Analyse juridique et politique de la situation constitutionnelle au Sénégal suite à l’annonce du Président

Suite à l’annonce par le Président de la République du Sénégal de quitter ses fonctions au terme de son mandat le 2 avril, une situation d’incertitude politique et de questionnements juridico-constitutionnels a émergé. Pr Meïssa DIAKHATE, Agrégé en Droit public, et Dr Cheikh Omar Diallo, Docteur en Science politique, apportent leur éclairage sur les implications de cette décision et les solutions envisageables selon les dispositions constitutionnelles en vigueur et la science politique.

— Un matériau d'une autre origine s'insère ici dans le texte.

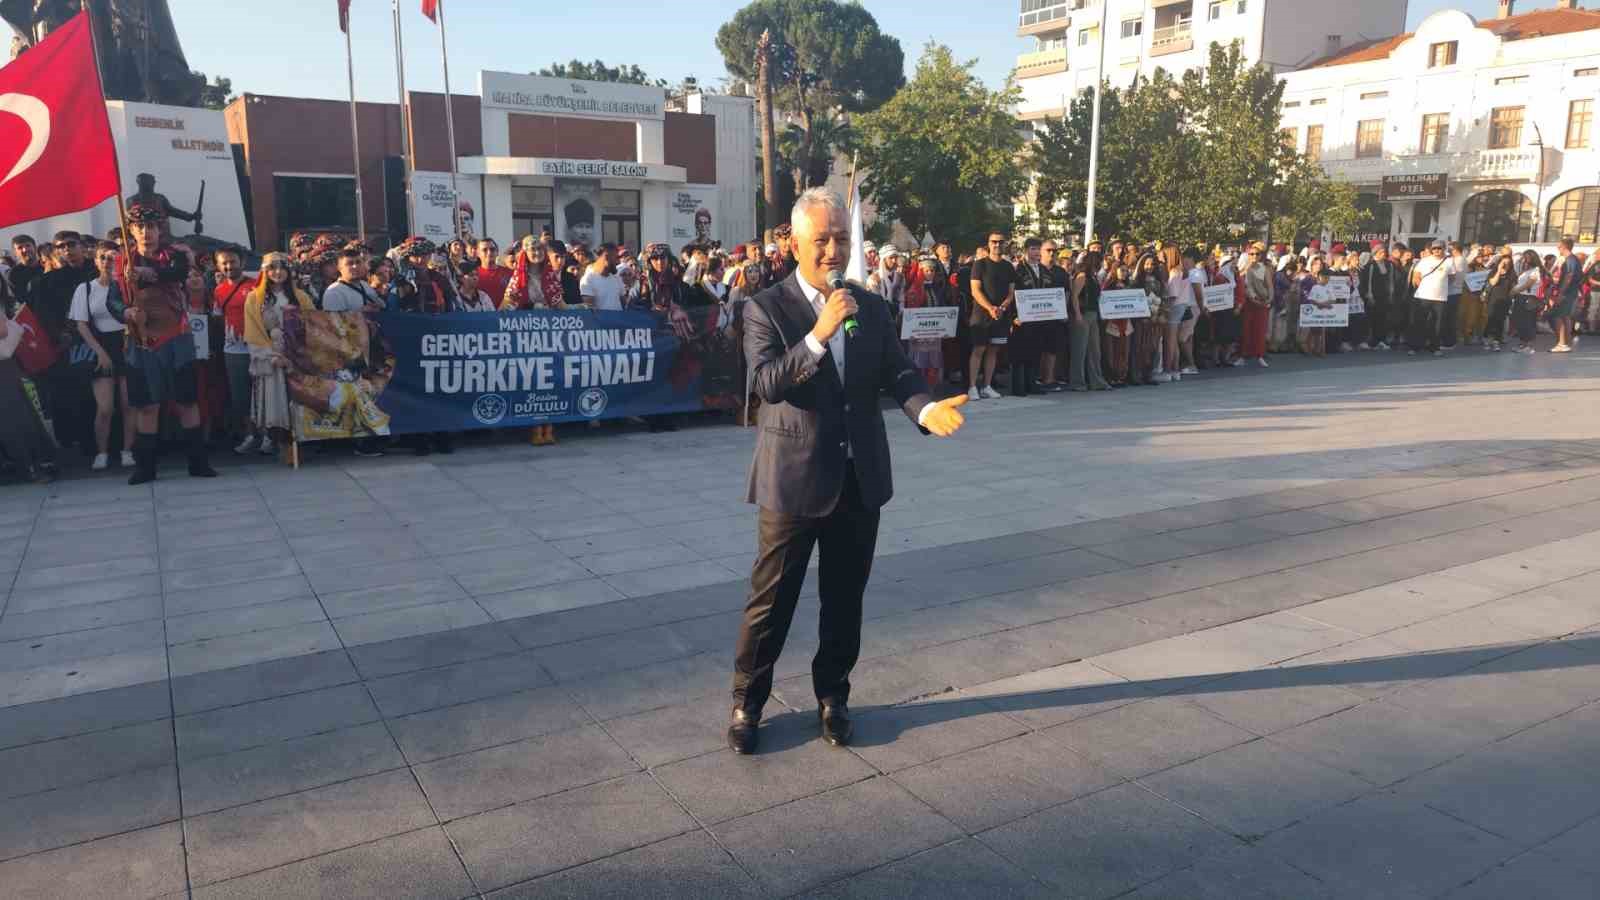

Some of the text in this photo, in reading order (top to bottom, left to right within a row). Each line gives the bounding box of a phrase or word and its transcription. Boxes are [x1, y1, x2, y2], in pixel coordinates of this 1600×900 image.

Vacance présidentielle et maintien en fonction
Les experts soulignent que, juridiquement, l’expiration du mandat présidentiel ne figure pas parmi les cas de vacance présidentielle énumérés limitativement par la Constitution ou le Code électoral. Ils argumentent que, selon l’article L.O. 137 du Code électoral, la vacance de la présidence ne peut être provoquée que par la démission, l’empêchement définitif ou le décès du président. Ainsi, le maintien en fonction du Président Macky Sall jusqu’à la tenue effective des élections semble juridiquement justifié, malgré l’absence d’une disposition expresse pour ce cas spécifique.

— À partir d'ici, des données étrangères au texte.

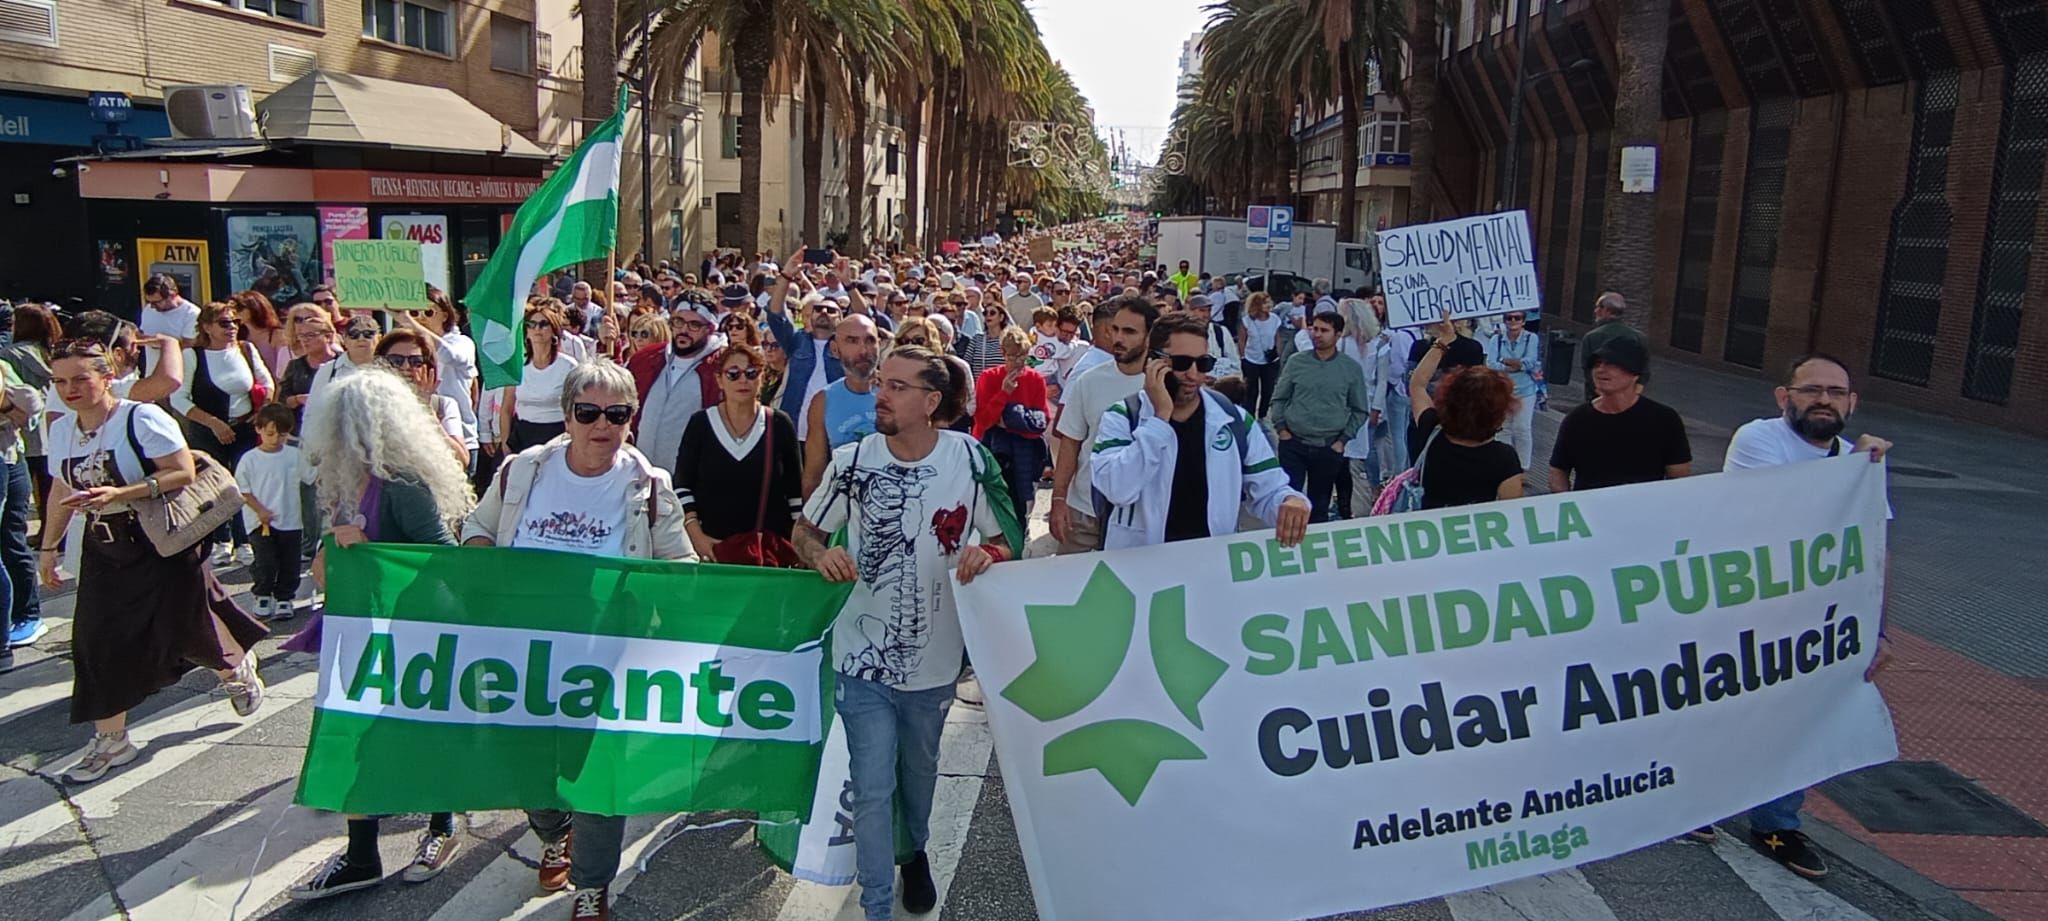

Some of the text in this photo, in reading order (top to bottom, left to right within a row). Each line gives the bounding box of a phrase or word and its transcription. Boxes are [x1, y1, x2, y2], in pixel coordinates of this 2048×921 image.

[99, 97, 131, 108] ATM
[1272, 209, 1289, 231] P
[407, 224, 442, 244] MAS
[164, 245, 199, 261] ATM
[335, 241, 375, 262] DINERO
[338, 276, 384, 303] SANIDAD
[1386, 272, 1430, 295] ES UNA
[1227, 501, 1592, 583] DEFENDER LA
[1240, 525, 1865, 677] SANIDAD PÚBLICA
[346, 633, 796, 730] Adelante
[1257, 603, 1861, 777] Cuidar Andalucía
[1353, 761, 1675, 850] Adelante Andalucía
[1465, 823, 1589, 870] Málaga

Conseil constitutionnel et décision sur la vacance
La possibilité de saisir le Conseil constitutionnel pour avis sur la question de la vacance à partir du 2 avril est discutée. Historiquement, des présidents, comme Léopold Sédar Senghor, ont opté pour une démission formelle sans saisir le Conseil. Cependant, la situation actuelle envisage une saisine pour avis, laissant au Conseil le soin de rendre une décision qui s’imposerait à tous, illustrant la complexité de la situation et le rôle crucial du Conseil dans sa résolution.
Implications politiques et processus électoral
L’incertitude actuelle découle en partie de la non-conformité aux délais constitutionnels pour la tenue des élections, exacerbée par les interprétations divergentes de la Constitution et le calendrier proposé par les acteurs du Dialogue national. Cette situation met en lumière les défis liés à la gouvernance et la nécessité de respecter scrupuleusement les dispositions constitutionnelles pour assurer la stabilité politique.

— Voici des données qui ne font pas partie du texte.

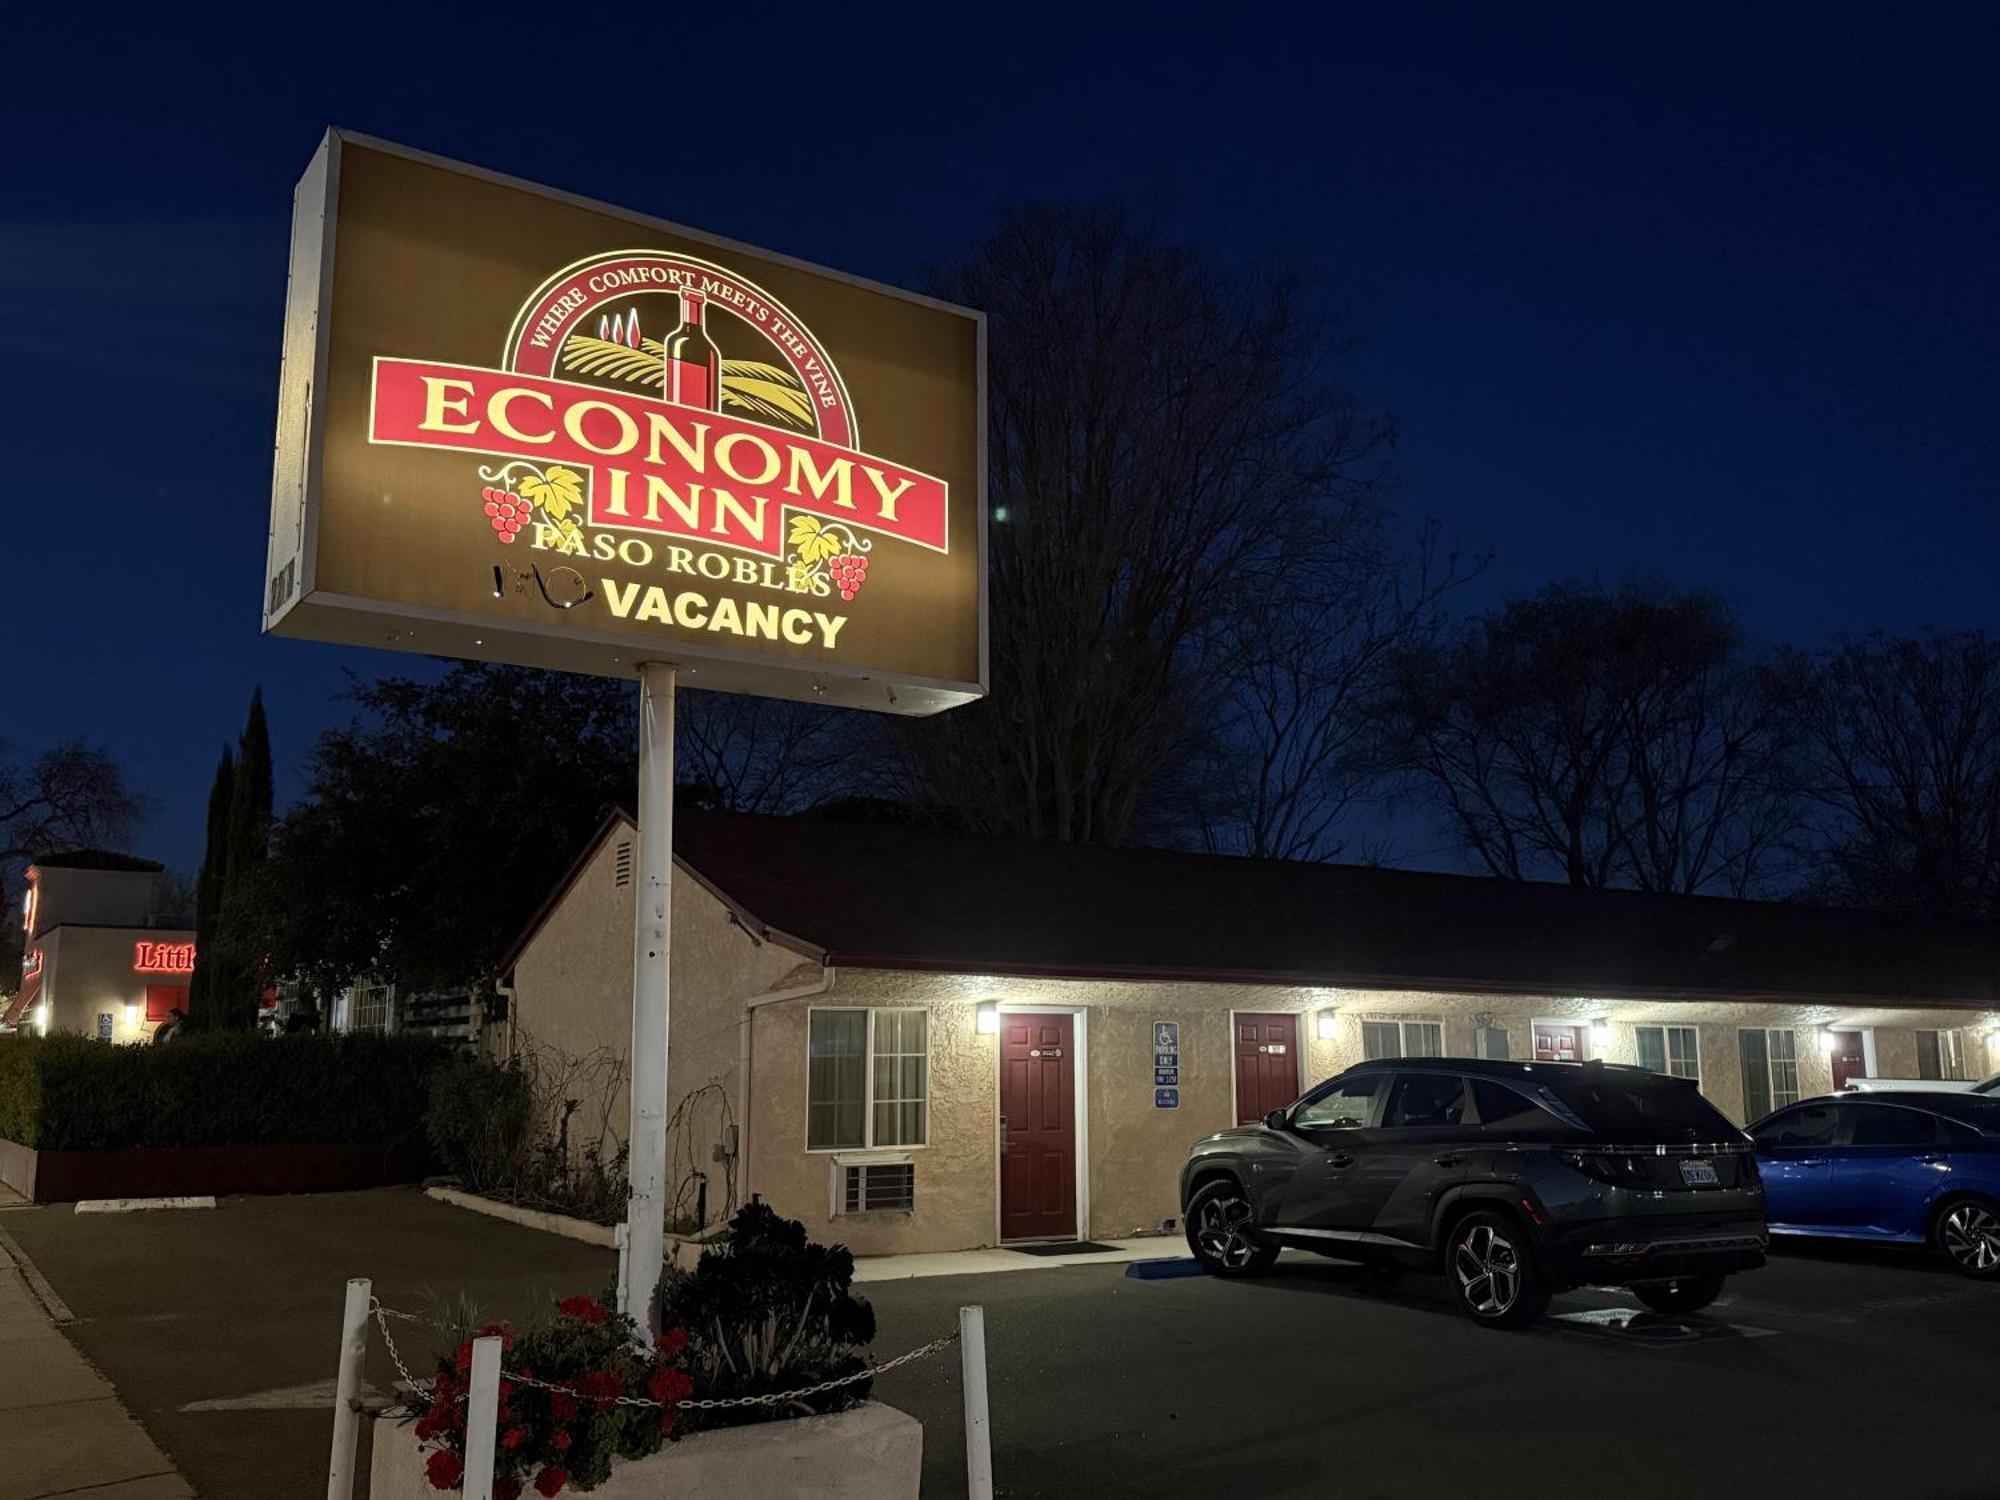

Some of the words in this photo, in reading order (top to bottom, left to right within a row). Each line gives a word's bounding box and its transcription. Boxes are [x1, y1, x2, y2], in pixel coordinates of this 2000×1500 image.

[530, 287, 588, 350] WHERE
[588, 266, 696, 293] COMFORT
[702, 276, 769, 322] MEETS
[771, 317, 809, 360] THE
[805, 357, 836, 409] VINE
[418, 376, 916, 522] ECONOMY
[605, 469, 770, 542] INN
[531, 522, 653, 566] PASO
[667, 546, 832, 597] ROBLES
[600, 578, 848, 649] VACANCY
[136, 943, 197, 970] Littl

Suppléance présidentielle et autorité compétente
Concernant la suppléance en cas de vacance, la Constitution prévoit que le Président de l’Assemblée nationale assume la présidence. Toutefois, cette disposition ne prend pas en compte explicitement l’expiration du mandat comme cause de vacance, soulignant une lacune dans le texte constitutionnel. Cette situation appelle à une interprétation et une intervention possibles du Conseil constitutionnel pour pallier cette absence et garantir la continuité de l’État.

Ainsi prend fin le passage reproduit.